§ Your instructions
Without including any pictures, copy every line below exactly.
==== Data to process ====
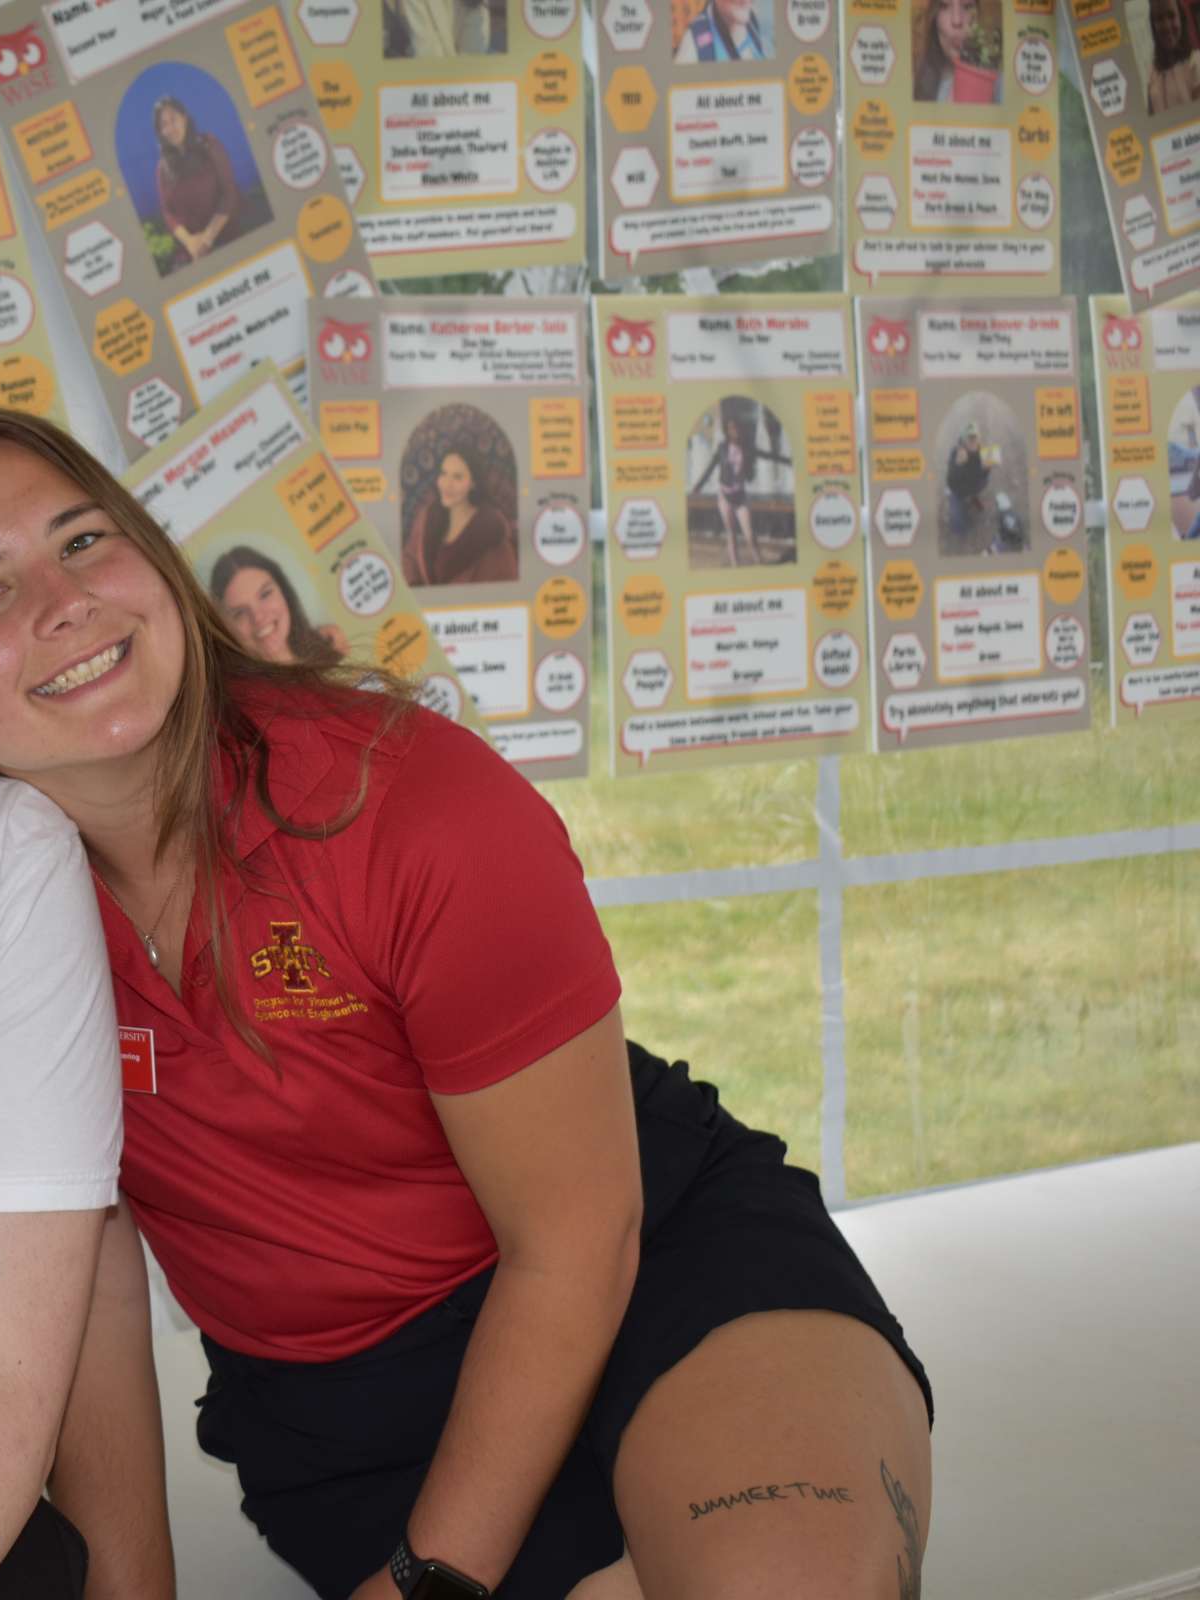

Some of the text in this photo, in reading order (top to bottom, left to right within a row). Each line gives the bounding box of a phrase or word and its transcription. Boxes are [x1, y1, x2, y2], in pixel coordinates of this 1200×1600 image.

[432, 91, 469, 108] about
[473, 92, 492, 104] me
[715, 93, 744, 108] about
[949, 135, 975, 149] about
[217, 278, 252, 306] about
[253, 269, 270, 285] me
[732, 599, 764, 613] about
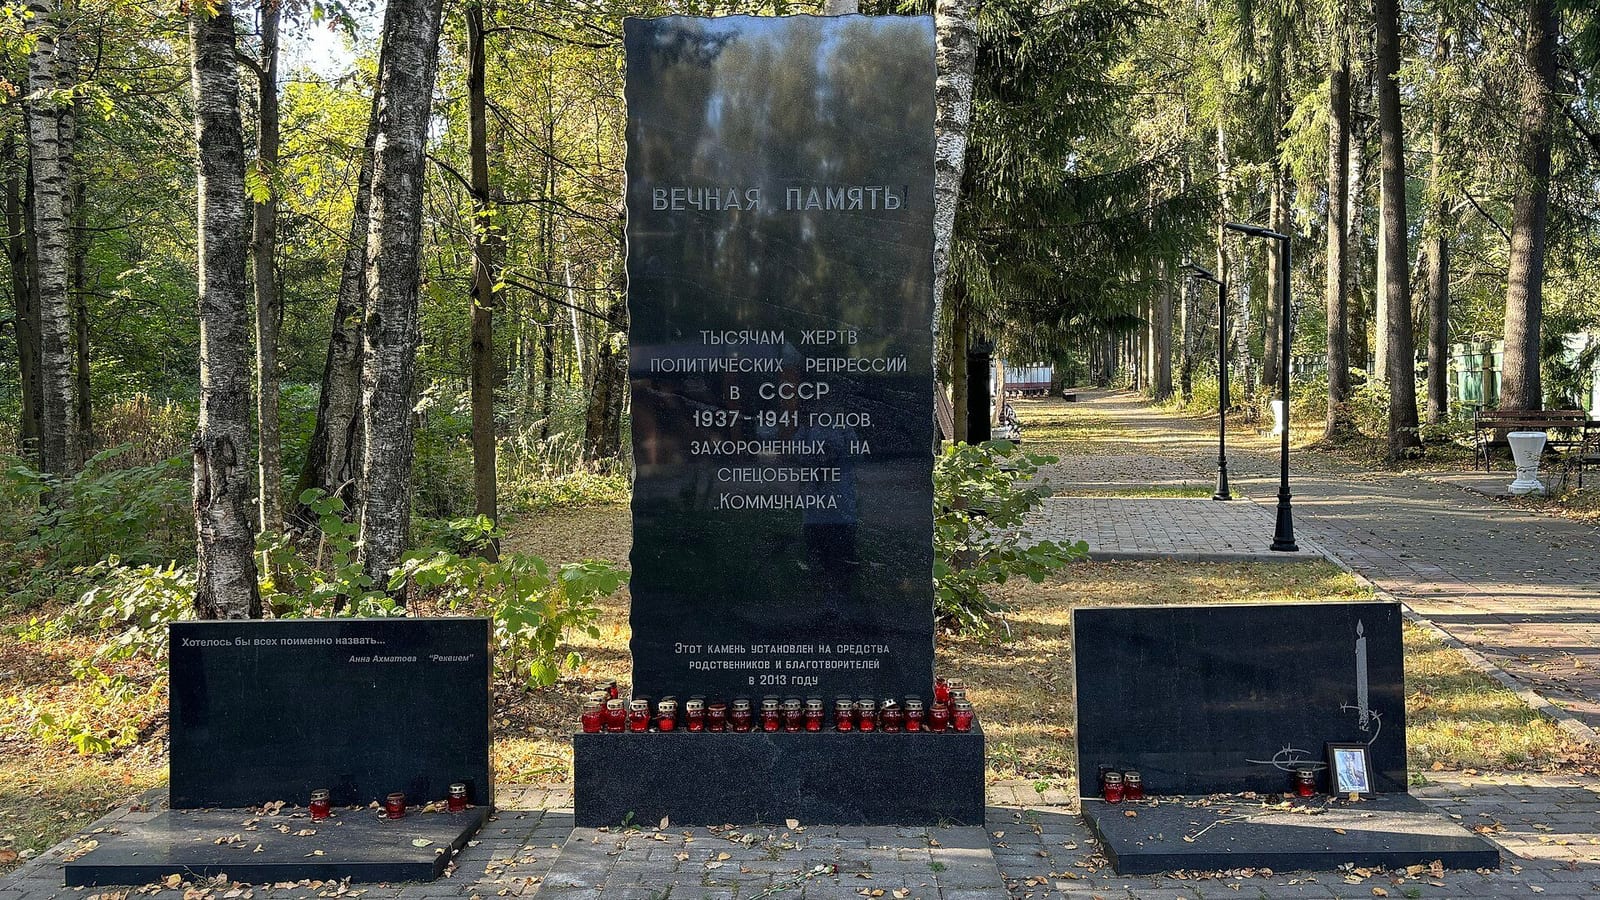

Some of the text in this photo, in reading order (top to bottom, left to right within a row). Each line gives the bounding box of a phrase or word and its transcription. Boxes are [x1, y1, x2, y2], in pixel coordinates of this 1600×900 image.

[652, 186, 761, 211] ВЕЧНАЯ
[700, 330, 858, 345] ТЫСЯЧАМ ЖЕРТВ
[650, 354, 907, 373] ПОЛИТИЧЕСКИХ РЕПРЕССИЙ
[758, 382, 830, 400] СССР
[690, 440, 871, 455] ЗАХОРОНЕННЫХ НА
[717, 467, 841, 484] СПЕЦОБЪЕКТЕ
[181, 637, 232, 648] Хотелось
[234, 636, 251, 647] бы
[253, 638, 278, 647] всех
[279, 638, 334, 647] поименно
====
§ Output of the task
Some of the text in this photo, in reading order (top to bottom, left to right within a row). Each line gives the bounding box of a phrase or word and its transcription. Boxes are [x1, y1, x2, y2], in pixel coordinates of this 1200×1600 image.

[432, 91, 469, 108] about
[473, 92, 492, 104] me
[715, 93, 744, 108] about
[949, 135, 975, 149] about
[217, 278, 252, 306] about
[253, 269, 270, 285] me
[732, 599, 764, 613] about

Some of the text in this photo, in reading order (top to bottom, left to right within a row). Each line gives the bounding box of a phrase or word and its transcription. Boxes are [x1, y1, x2, y2], in pixel coordinates of this 1600×900 image.

[652, 186, 761, 211] ВЕЧНАЯ
[700, 330, 858, 345] ТЫСЯЧАМ ЖЕРТВ
[650, 354, 907, 373] ПОЛИТИЧЕСКИХ РЕПРЕССИЙ
[758, 382, 830, 400] СССР
[690, 440, 871, 455] ЗАХОРОНЕННЫХ НА
[717, 467, 841, 484] СПЕЦОБЪЕКТЕ
[181, 637, 232, 648] Хотелось
[234, 636, 251, 647] бы
[253, 638, 278, 647] всех
[279, 638, 334, 647] поименно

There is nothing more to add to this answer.